Aku tersenyum dibuatnya. Sumiati bercerita tentang anaknya. Bicaranya tidak terlalu jelas. Ada beberapa kata yang tidak kumengerti. Di tengah-tengah bercerita, kolam bening Sumiati meledak, mengalir deras bak air hujan. Aku menatap Sumiati dalam hati iba. Perjalanan hidupnya sungguh pahit. Bagaimana tidak? Setelah ia ditinggal suaminya, Kang Parjo tewas dalam perjalanan mencari nafkah. Tak lama dari itu, anaknya putus sekolah dan menyusul Kang Parjo ke surga keabadian.
Uang SPP 5 bulan tidak mampu Sumiati bayar, sehingga mau tidak mau Irman harus keluar. Beruntunglah Irman anak yang baik. Ia mampu memahami keadaan Ibunya. Ia juga tidak berontak seperti anak pada seusianya. Irman ikhlas menerima semua itu. Karena ia tidak ingin membuat Ibunya pusing dan sedih memikirkannya, katanya suatu hari ketika kami mengobrol kecil di bawah pohon cersen yang rimbun itu.
Dua bulan lebih dua minggu kira-kira. Ketika kau hendak mencari batu di sungai. Di sana terlihat Irman tengah memandikan kambing-kambingnya. Sepanjang kami di sana, tak lelah kami bercerita hingga terdengar tawa kecil kami yang membuat perut terasa kaku. Tapi sayang, Ibu memanggilku, dan aku pun ikut pulang bersama Ibu. Sedang Irman masih di sungai bersama kambing-kambingnya.
Suara guntur di langit terdengar bertalu-talu. Cahaya kilat dari sudut-sudut langit saling berpacu. Awan menggumpal dari ujung timur hingga barat. Suasana berubah gelap padahal hari masih terlalu siang. Mungkin akan datang hujan, pikirnya waktu itu.

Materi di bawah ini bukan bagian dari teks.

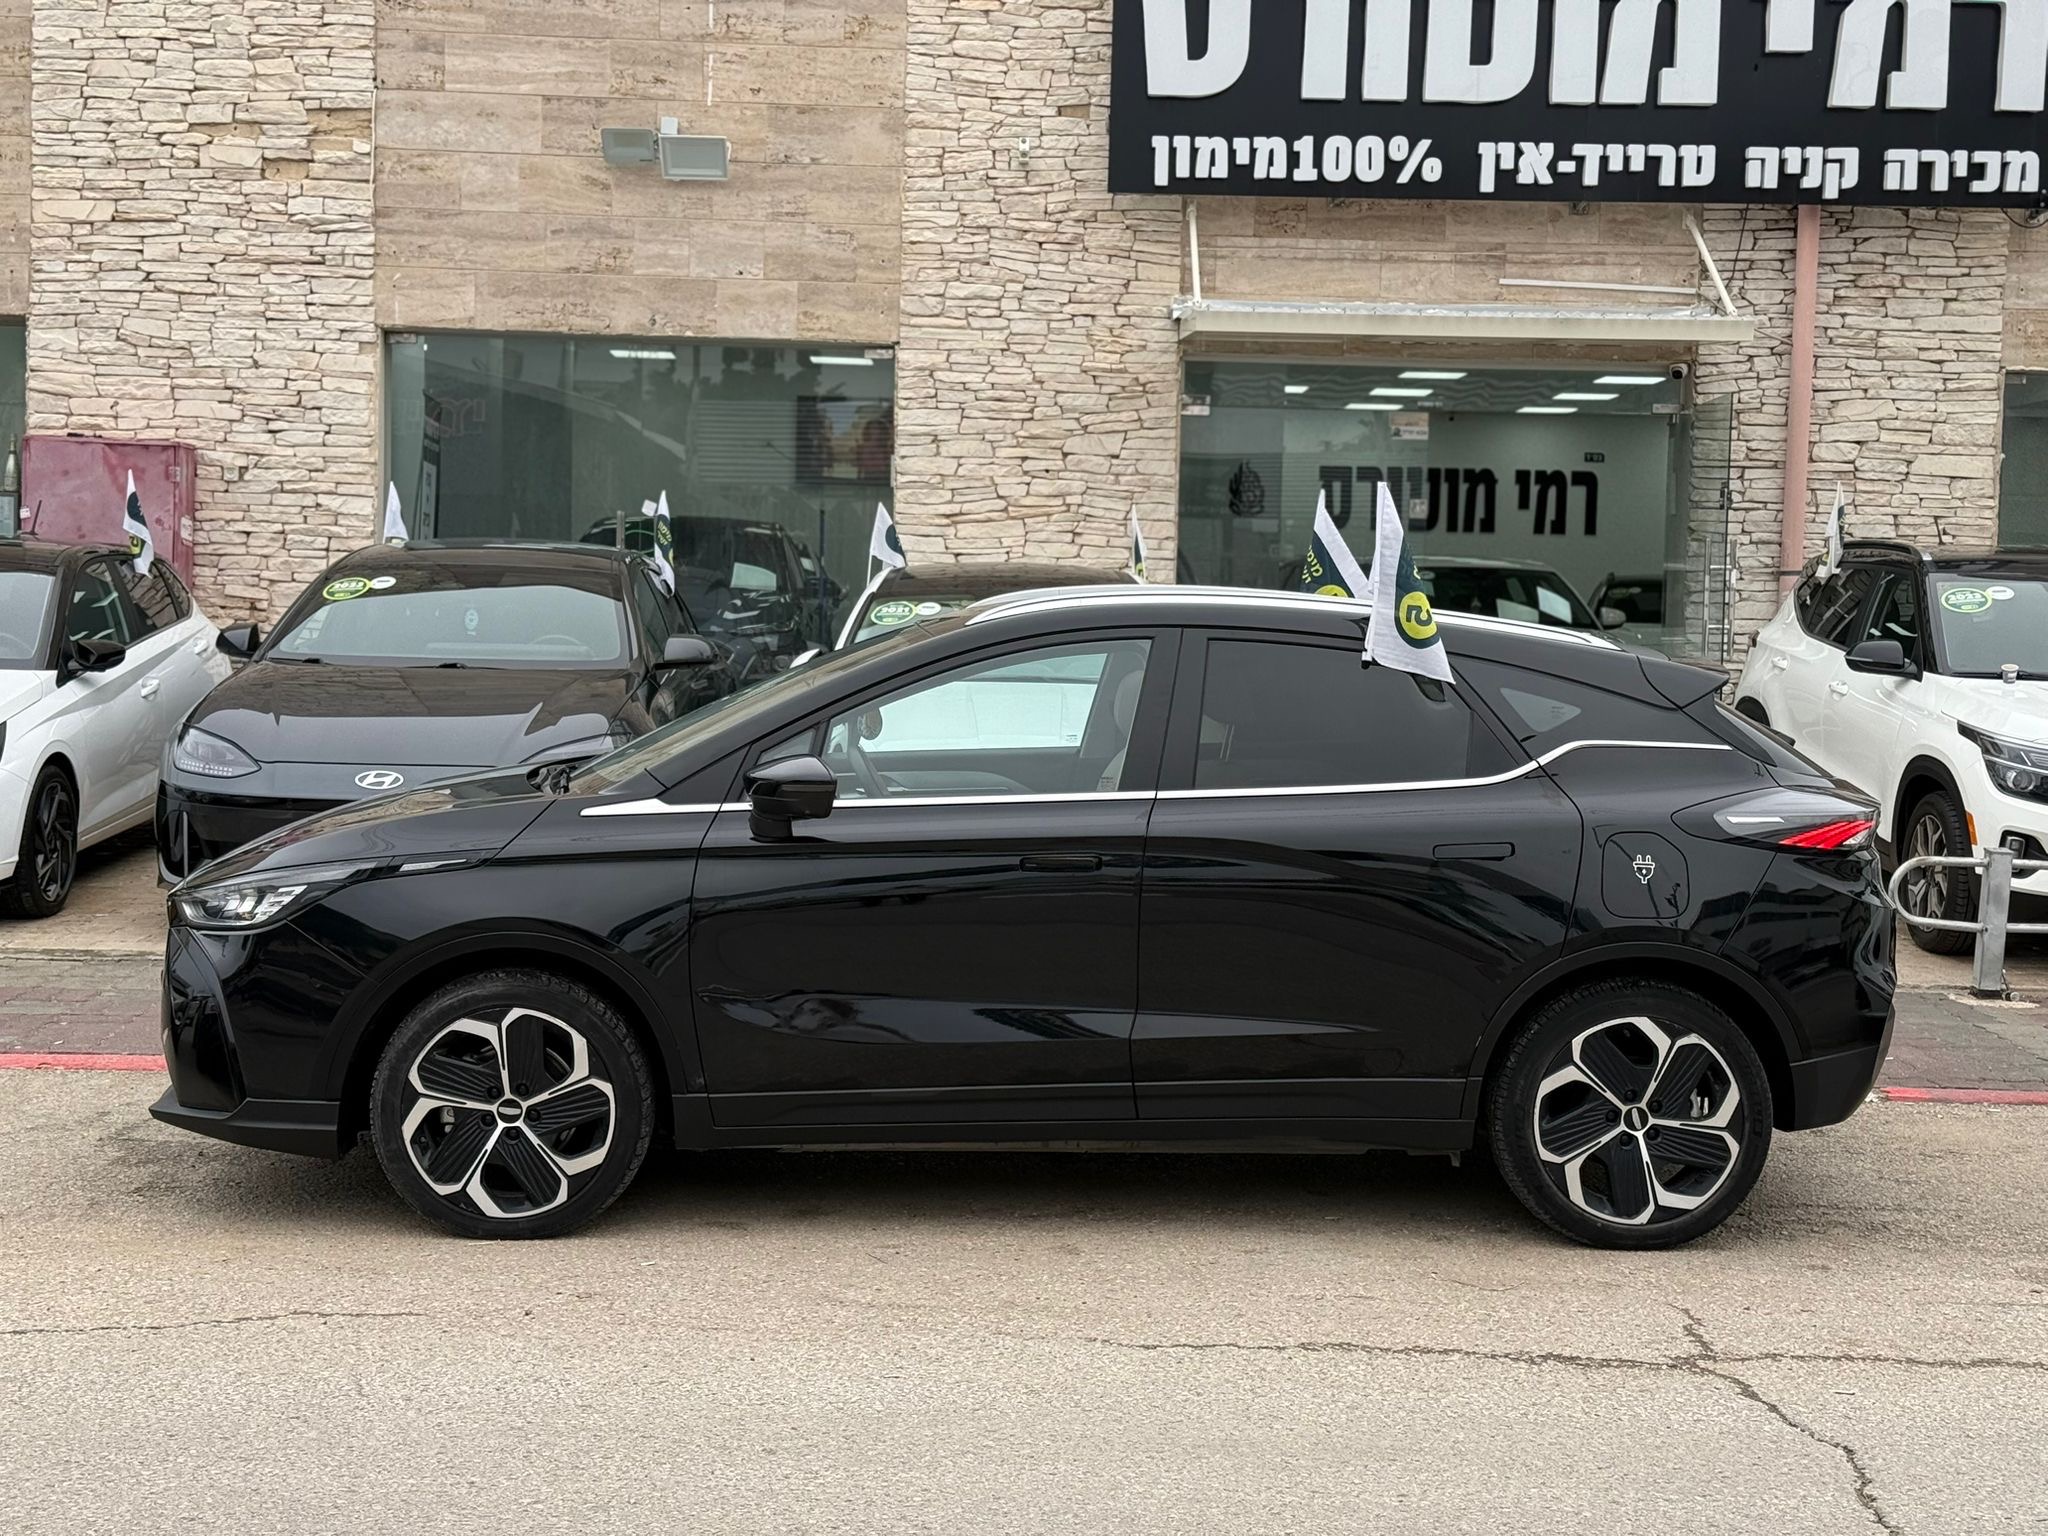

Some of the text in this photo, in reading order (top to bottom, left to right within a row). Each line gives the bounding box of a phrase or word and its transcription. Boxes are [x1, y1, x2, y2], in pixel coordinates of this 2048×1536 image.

[1477, 142, 1717, 193] טרייד-אין
[1744, 146, 1860, 200] קניה
[1883, 148, 2040, 193] מכירה
[1515, 469, 1599, 536] רמי

Benar. Air hujan mulai menetes sebutir-butir membasahi bumi. Irman masih ada di sungai tengah mandi setelah bergulat memandikan kambing-kambingnya. Tapi dasar anak seusianya. Ia tidak meghiraukan hujan. Justru ia begitu senang dan menikmati dengan menyibak-nyibak air sembari bernyanyi dolanan --Jamuran.
Irman terlena. Hujan hari itu semakin deras sehingga membuat arus air sungai berubah kecoklatan dan banjir. Kambing milik Irman terbawa banjir. Dengan segera ia berlari mengejar kambing itu. Kambing Irman tak lagi terlihat. Bulunya sama dengan air sunga waktu itu. Irman gelagapan. Ia berteriak minta tolong tapi tidak ada sepasang telinga yang mendengar.Â
Pasalnya letak sungai itu jauhdari perumahan warga. Selang satu jam setelah itu, Irman ditemukan warga dalam kondisi terbujur kaku. Tidak lagi bernyawa. Jenazahnya di bawa ke rumah dan dikuburkan secara islami.

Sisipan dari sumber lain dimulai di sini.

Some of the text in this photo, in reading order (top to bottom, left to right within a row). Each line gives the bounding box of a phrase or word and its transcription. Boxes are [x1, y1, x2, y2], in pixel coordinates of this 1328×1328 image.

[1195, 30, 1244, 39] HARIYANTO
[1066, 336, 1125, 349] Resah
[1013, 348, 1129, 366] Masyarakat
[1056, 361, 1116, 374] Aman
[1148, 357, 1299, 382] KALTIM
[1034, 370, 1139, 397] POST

Lagi-lagi hati Sumiati tergoncang. Suaminya meninggal karena air. Begitupula dengan anaknya. Semenjak hari itu, Sumiati sangat membenci yang namanya air. Air adalah malapetaka, celetuknya suatu hari.
***
"Man... Man! Emak mau jalan-jalan. Antarkan Emak!" teriak Sumiati sembari menggaruk-garukkan kepalanya botak.
Tidak ada jawaban.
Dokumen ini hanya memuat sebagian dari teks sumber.